It wasn't the first time I had done research for pay. If the subject matter was right, it could even be very rewarding. The assignment was to find the descendants of a small town in South Dakota named Fortune. The town's name turned out to be ironic. It sprang up almost overnight in 1877 due to the discovery of gold in the Black Hills of South Dakota.

The town was situated roughly three miles downstream from the single largest gold mining operation in the Black Hills. The geological make up of the gold from that area necessitated a method of extraction where one step of the process was to bind the gold to mercury. The legal angle here was a potential class action against the mining companies, the ones still in existence, for multi-generational health hazards caused by high levels of mercury concentrations in the stream feeding the water source for the town and residual in the soil. The additional irony was not lost on me, that the law firm that hired me was itself mining for gold. My two cents, which I kept to myself, at best, this was a frivolous legal case. But that wasn't my concern. For my part, the work was historical, genealogical sleuthing. I even considered that I might stumble upon a nugget of my own here in the form of material for a historical novel.

Thanks to the Internet, and the Mormons, the task of locating a significant portion of the town's original ancestors was more productive than I anticipated. Some of the data were easily obtained online, but some required travelling to county records offices and even conducting face-to-face interviews with learned locals. This aspect was (pardon the pun) a "gold mine" of information and backdrop for my secondary purpose. My potential novel was even finding some legs.

Initially, I thought locating Fortune's descendents might be a challenge. Fortune's life was brief. When the gold dried up, the town did too, but surprisingly, about one third of the direct ancestors of the original inhabitants of Fortune lived within a 125-mile radius.

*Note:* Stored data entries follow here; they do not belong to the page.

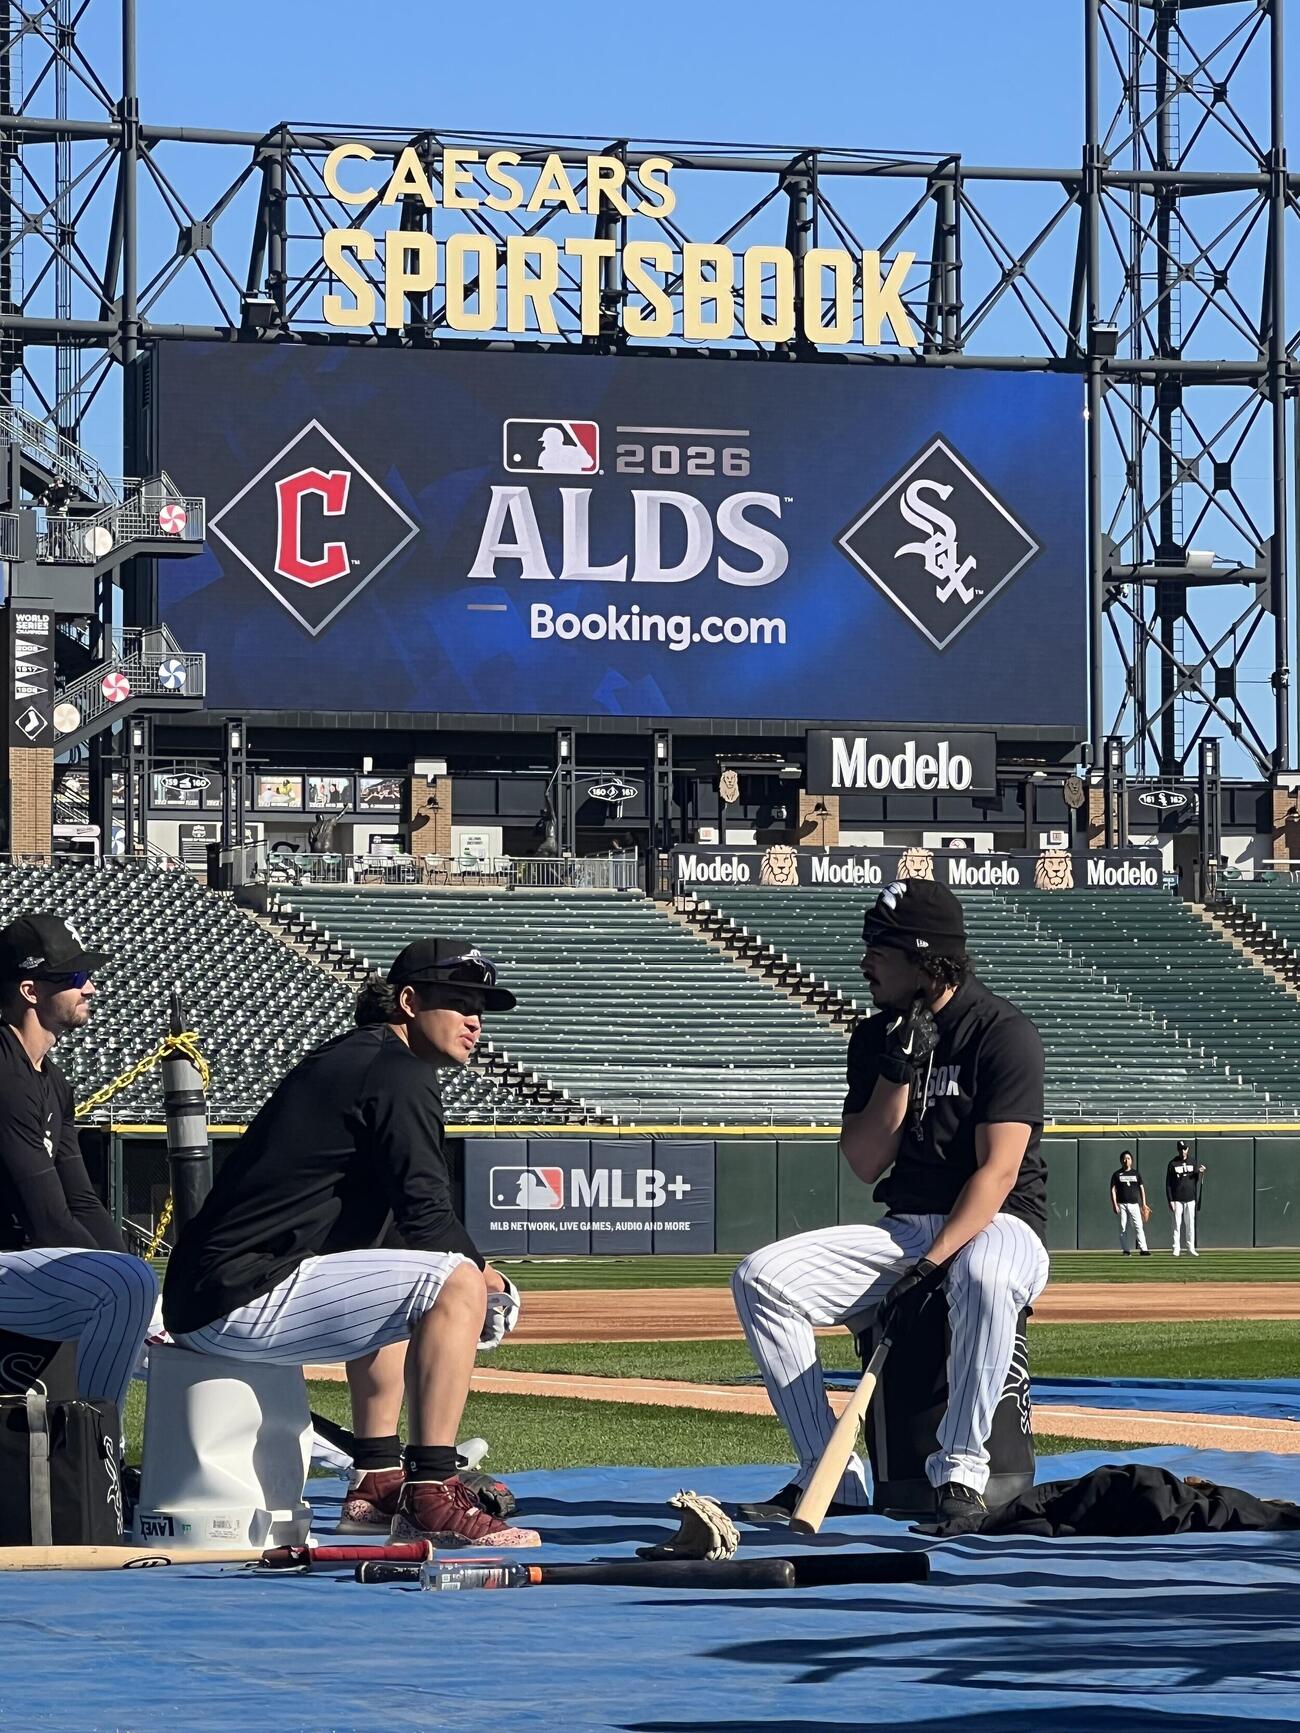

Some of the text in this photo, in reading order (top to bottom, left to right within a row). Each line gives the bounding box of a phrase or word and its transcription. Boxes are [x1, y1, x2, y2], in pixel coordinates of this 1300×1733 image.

[323, 143, 677, 219] CAESARS
[322, 228, 918, 348] SPORTSBOOK
[616, 444, 751, 477] 2026
[274, 466, 351, 588] C
[467, 485, 789, 587] ALDS
[15, 613, 50, 622] WORLD
[15, 621, 49, 630] SERIES
[530, 603, 787, 651] Booking.com
[831, 737, 973, 791] Modelo
[678, 854, 750, 882] Modelo
[811, 856, 882, 884] Modelo
[948, 858, 1020, 886] Modelo
[1087, 859, 1158, 887] Modelo
[570, 1168, 691, 1208] MLB+
[490, 1221, 691, 1232] MLB NETWORK, LIVE GAMES, AUDIO AND MORE

Fully another third were found via information provided by the first third.

Early on in the project, if you had asked me my impression of South Dakota, I would have suggested that the words "South Dakota" were Apache for "Get the hell outta here". At least, that was my initial reaction to sojourning the backwater towns of this humble state. Once I shed my snobbish bias, I was quite drawn to the area. It is remote, quiet and beautiful in its own way, like the shy girl at the dance, sitting in the corner of the gym, all alone, awkward and unsure. Yet, when you really take a good long look, you become enamored by her unassuming, undiscovered beauty.

South Dakota is a sportsman's paradise and a geologists dream. I hear the weather can be a bit brutal now and then... like all winter! But, it was early fall and the angled light of day gave stark majestic contrast, depth and character to the inherent natural beauty.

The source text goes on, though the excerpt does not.